The outcomes of the study indicated a statistically significant difference in FAAM scores between the two groups following additional treatment. The score was further increased and the function was also improved during MWM with the conventional physical therapy group as compared to KT with the conventional physical therapy group.
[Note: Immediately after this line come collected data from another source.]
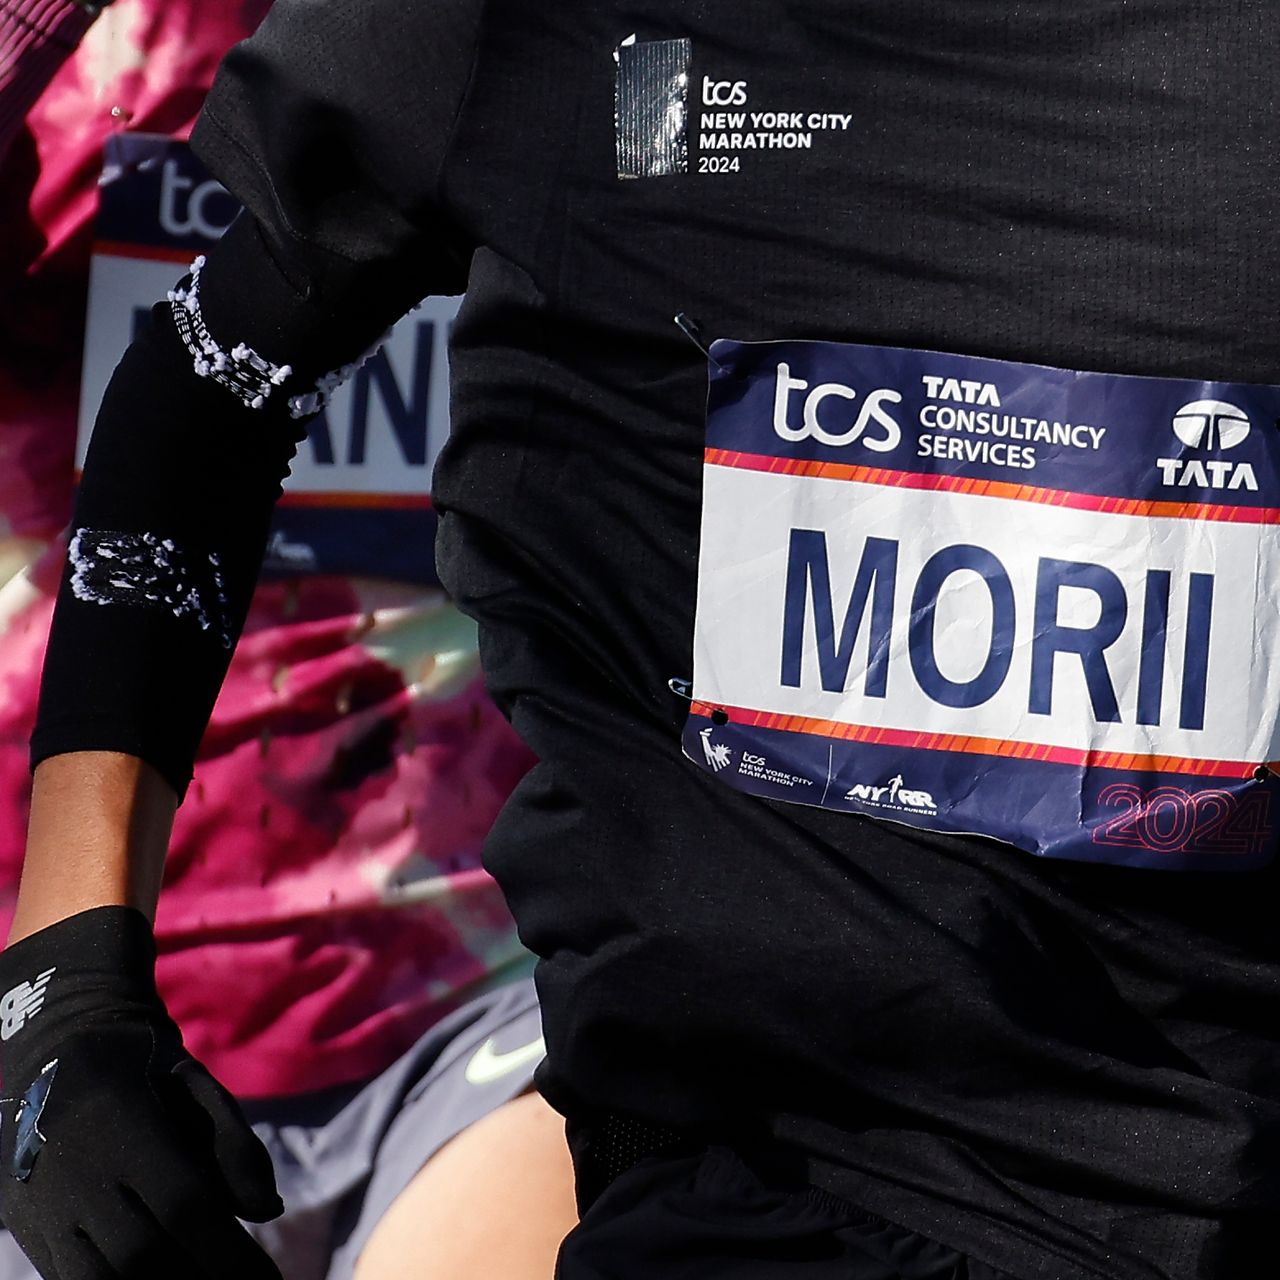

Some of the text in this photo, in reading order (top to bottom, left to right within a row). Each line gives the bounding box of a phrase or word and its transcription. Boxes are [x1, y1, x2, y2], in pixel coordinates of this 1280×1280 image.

[701, 75, 748, 106] tcs
[700, 112, 852, 130] NEW YORK CITY
[699, 132, 812, 150] MARATHON
[698, 156, 740, 173] 2024
[159, 159, 233, 239] tc
[773, 362, 903, 452] tcs
[922, 375, 1001, 407] TATA
[919, 405, 1107, 450] CONSULTANCY
[917, 434, 1037, 469] SERVICES
[1156, 458, 1259, 491] TATA
[780, 527, 1215, 732] MORII
[740, 762, 813, 786] NEW YORK CITY
[742, 751, 766, 766] tcs
[738, 767, 794, 787] MARATHON
[1091, 783, 1273, 854] 2024
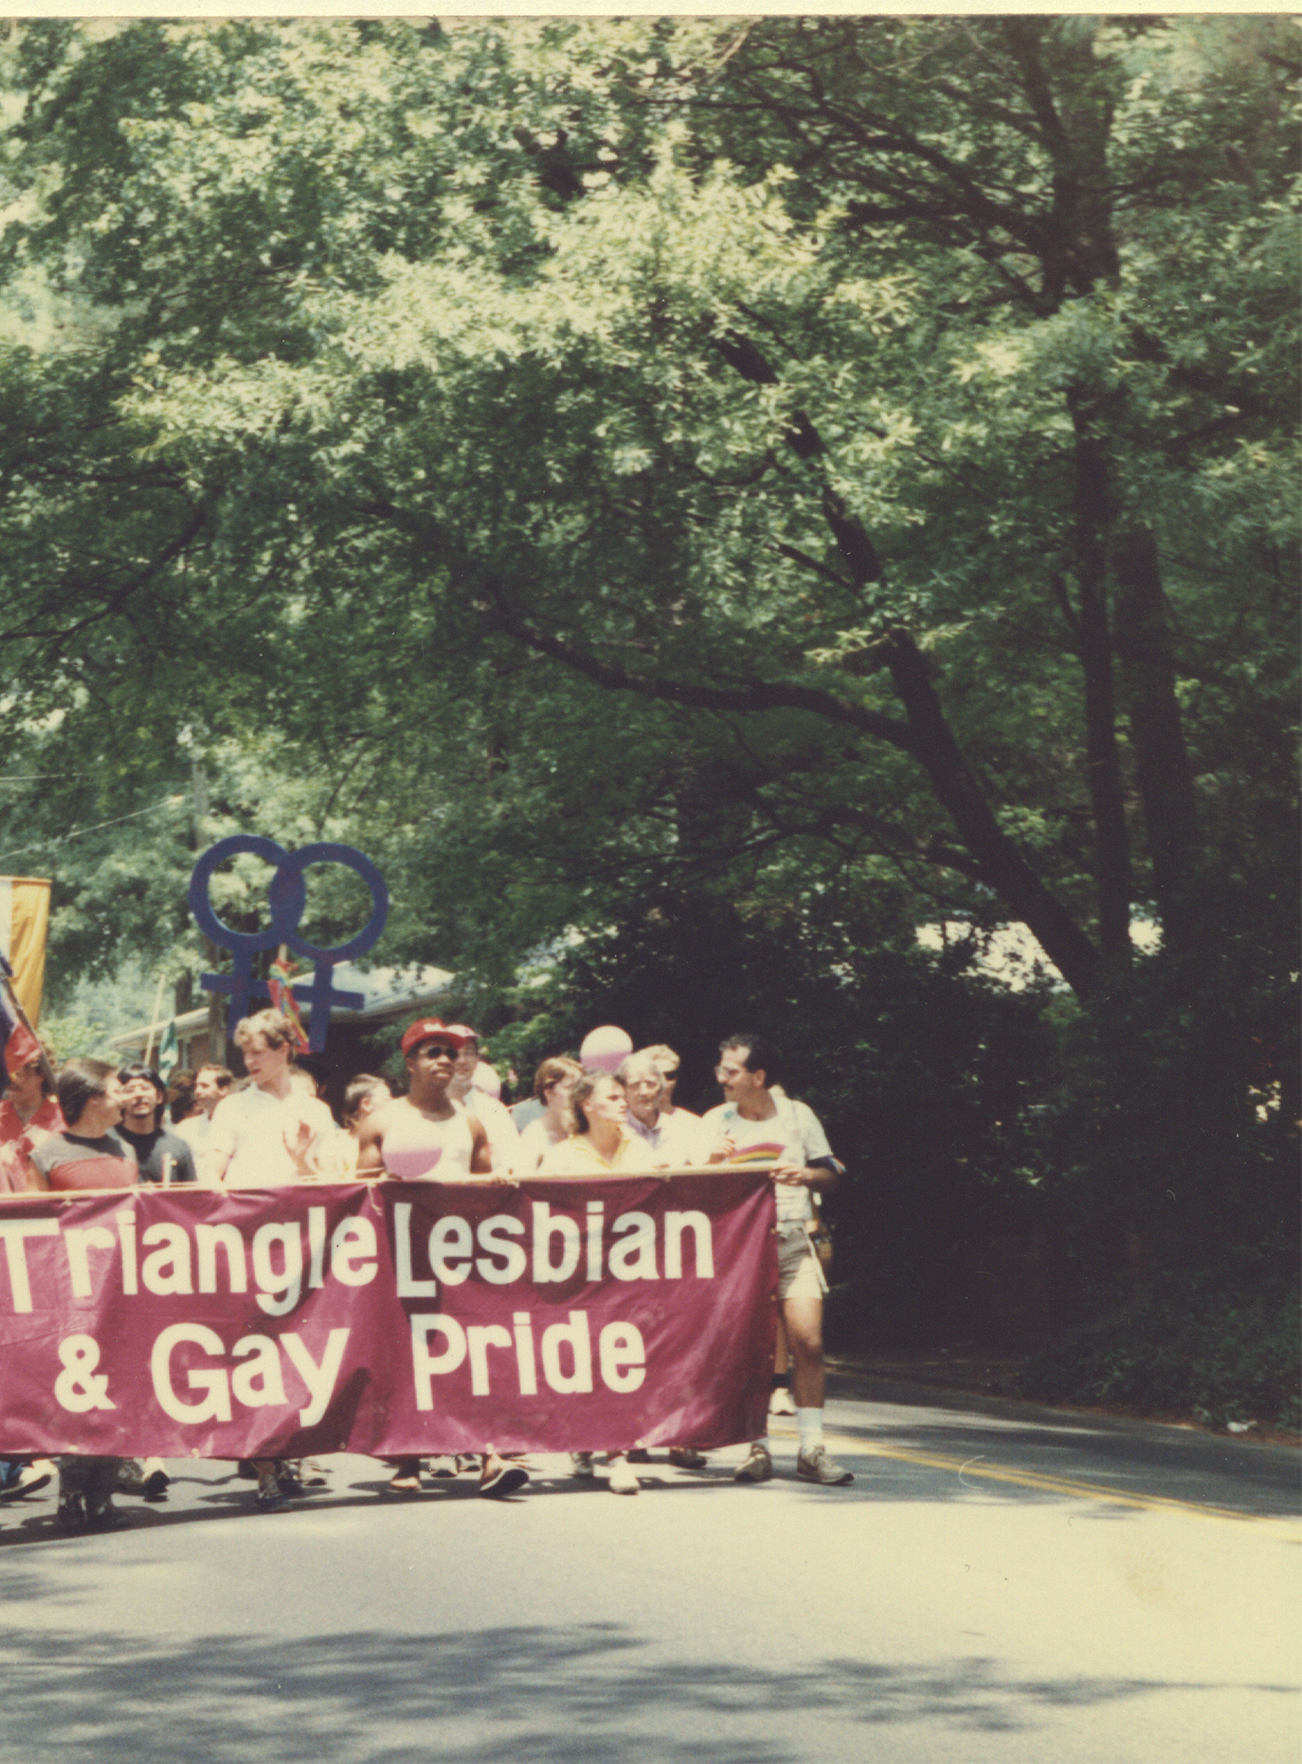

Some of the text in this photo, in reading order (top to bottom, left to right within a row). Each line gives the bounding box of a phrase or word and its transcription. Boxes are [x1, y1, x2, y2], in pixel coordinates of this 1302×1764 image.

[395, 1201, 715, 1298] Lesbian
[54, 1310, 647, 1428] & Gay Pride
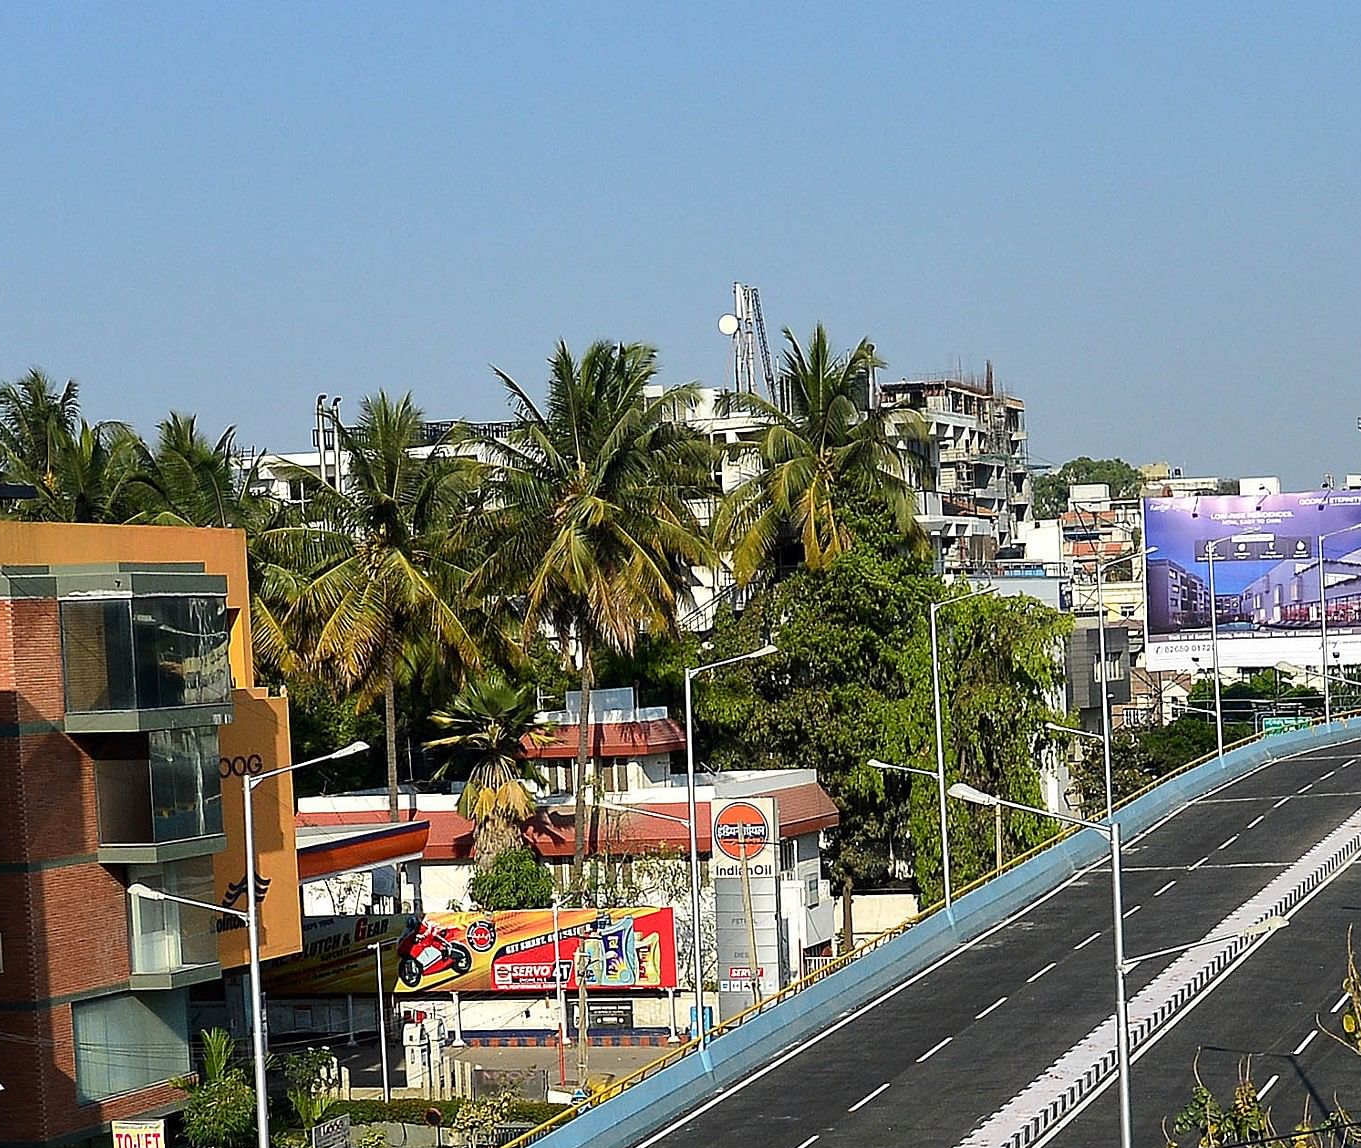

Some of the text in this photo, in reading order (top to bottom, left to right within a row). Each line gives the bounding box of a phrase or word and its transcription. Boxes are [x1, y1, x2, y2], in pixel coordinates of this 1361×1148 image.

[300, 934, 342, 958] LUTCH
[512, 965, 551, 977] SERVO
[731, 968, 761, 977] SERO
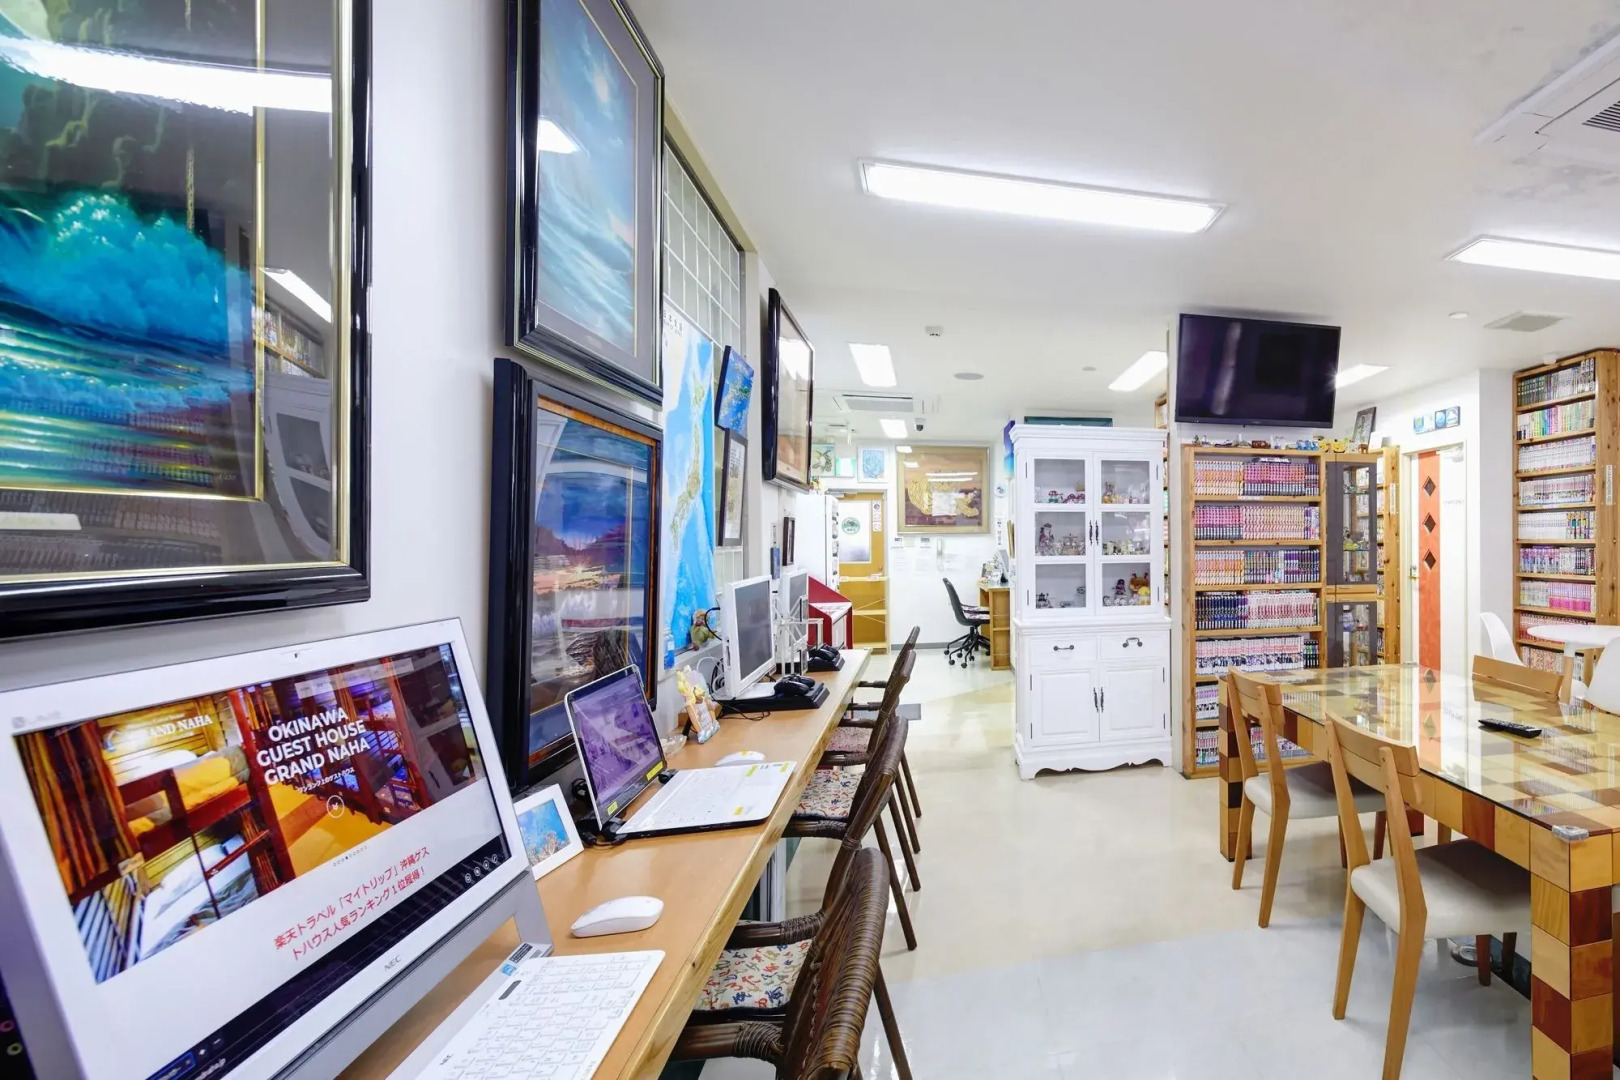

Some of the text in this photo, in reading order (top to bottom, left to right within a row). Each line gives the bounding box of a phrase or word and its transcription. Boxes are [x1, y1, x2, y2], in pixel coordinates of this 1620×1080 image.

[176, 714, 213, 732] NAHA
[268, 707, 349, 742] OKINAWA
[256, 720, 367, 767] GUEST HOUSE
[264, 739, 371, 786] GRAND NAHA
[384, 955, 402, 972] NEC
The findings of this study demonstrated that both statistically and clinically significant outcomes in relation to NPRS, FAAM (Activities of Daily Living), and FAAM (Sports) scores were significant. Both treatments are -accepted and recognized treatments and methods for footballers with a sub-acute lateral ankle sprain. The current study indicated that MWM with conventional physical therapy was more helpful in relieving pain and improving mobility, along with increased strength and functional status in footballers with a sub-acute lateral ankle sprain than KT with conventional physical therapy.

4.1. Conclusion

The latest study showcased noteworthy statistical and clinical outcomes in NPRS, FAAM (ADL), and FAAM (S) scores. Both interventions garnered widespread acknowledgment for their efficacy in addressing sub-acute lateral ankle sprains among footballers. The results imply that the combination of MWM and conventional physical therapy proves more effective than incorporating KT with conventional physical therapy. This combination demonstrates superior outcomes in terms of pain relief, enhanced mobility, and improved strength and functional status, especially in footballers with sub-acute lateral ankle sprains.

4.2. Limitations

The current study included exclusively male footballers and excluded female footballers due to their adherence to religious and cultural norms, limiting the generalizability of the outcomes to the entire population. Furthermore, no extended follow-up was conducted. To address these limitations, it is advisable to organize a well-randomized clinical trial with a diverse random sample, encompassing a control group for more comprehensive results.